While we already see intent to take on emerging technologies as a programmatic effort by the Government, it is important to appreciate that developments in this field, the required efforts by multiple stakeholder groups. Some countries have taken the approach of creating platforms which facilitate multi-stakeholder engagement from Government, academia, research, Industry, trade unions and industry associations. To some extent, this is visible in many of the initiatives by NITI Aayog too. As we say at SAP, Industry 4.0 is Industry 4.Now. The time to initiate and create a platform for multi-stakeholder interactions and synergistic collaboration is now.
Do you concur that the Digital India program needs some course correction for the citizens’ betterment?
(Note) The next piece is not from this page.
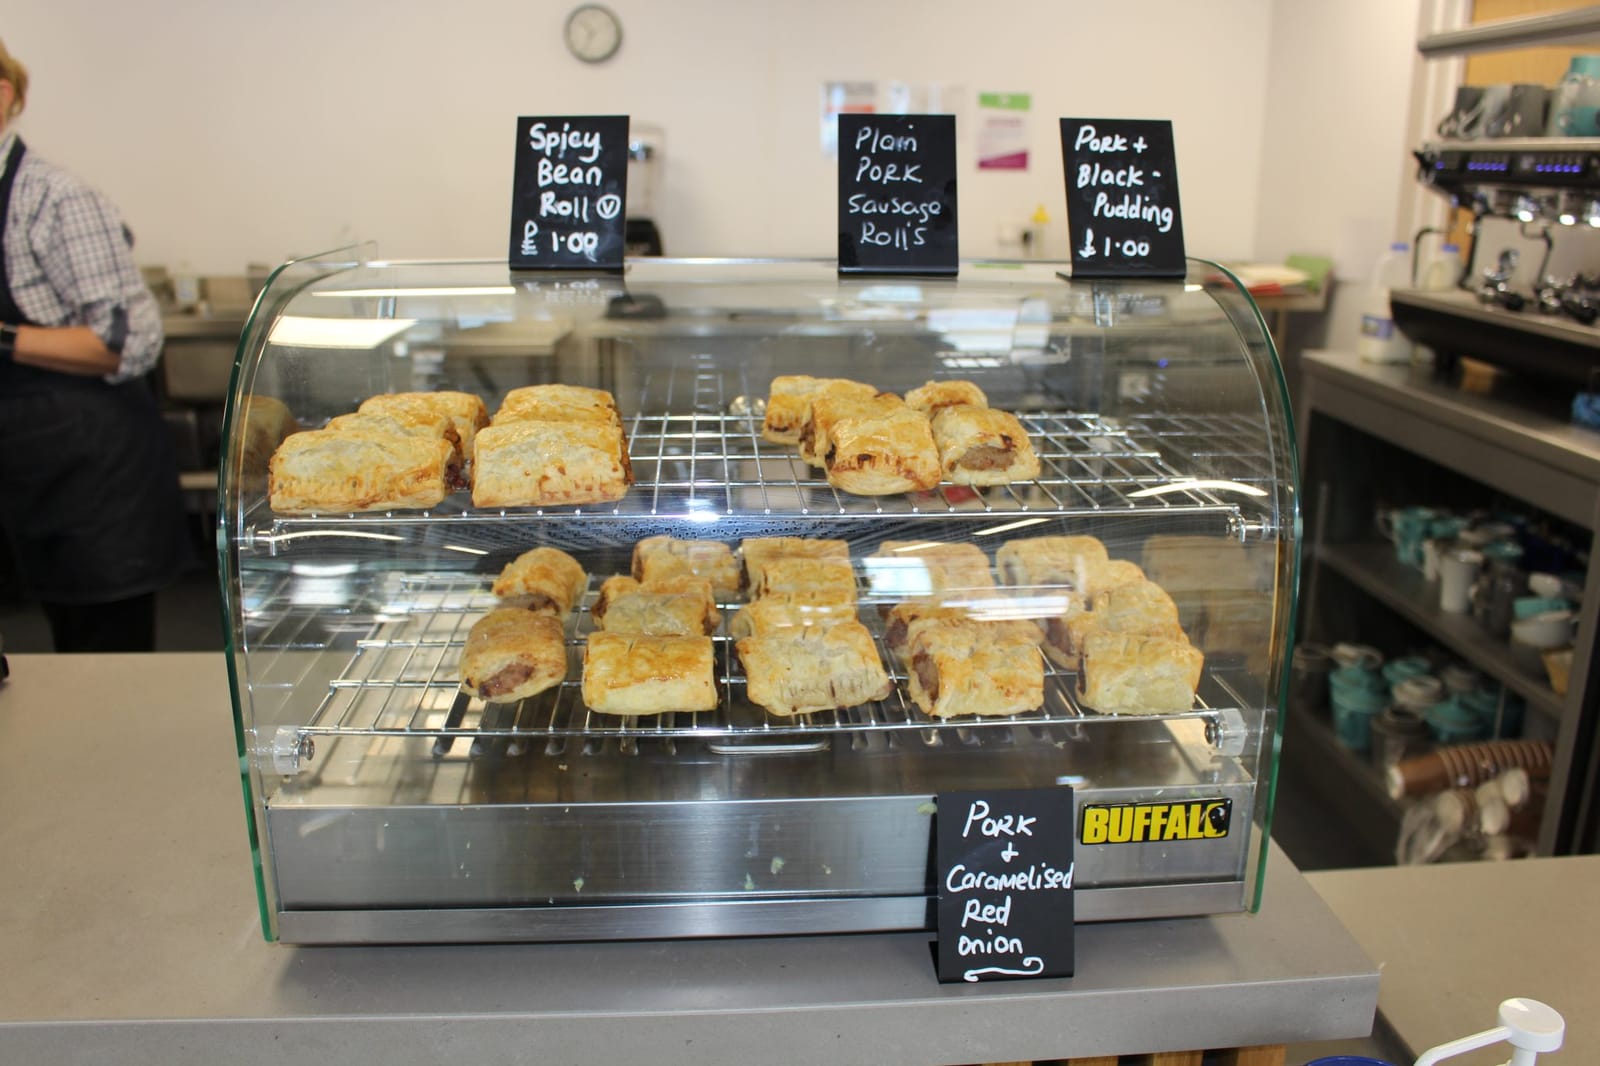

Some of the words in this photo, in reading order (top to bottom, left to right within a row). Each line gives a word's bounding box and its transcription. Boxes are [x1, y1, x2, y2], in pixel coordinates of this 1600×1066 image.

The whole objective of Digital India is citizen’s betterment. The next wave of digital India encompassing whole of Government, emerging technologies and digital infrastructure builds on the achievements of Digital India program only. The next shape of Digital India will be a digitally intelligent India, focused on improving citizen experiences through monitoring experience data in addition to operational data. The one-way application developments and implementation will now become two-way with users’ data becoming the basis of the governance processes. Digital is already becoming the first port of call for citizens and it will surely see a shift in expectations from digital service delivery. We will now need to ensure the digital readiness of user organisations to facilitate the seamless absorption of emerging technologies.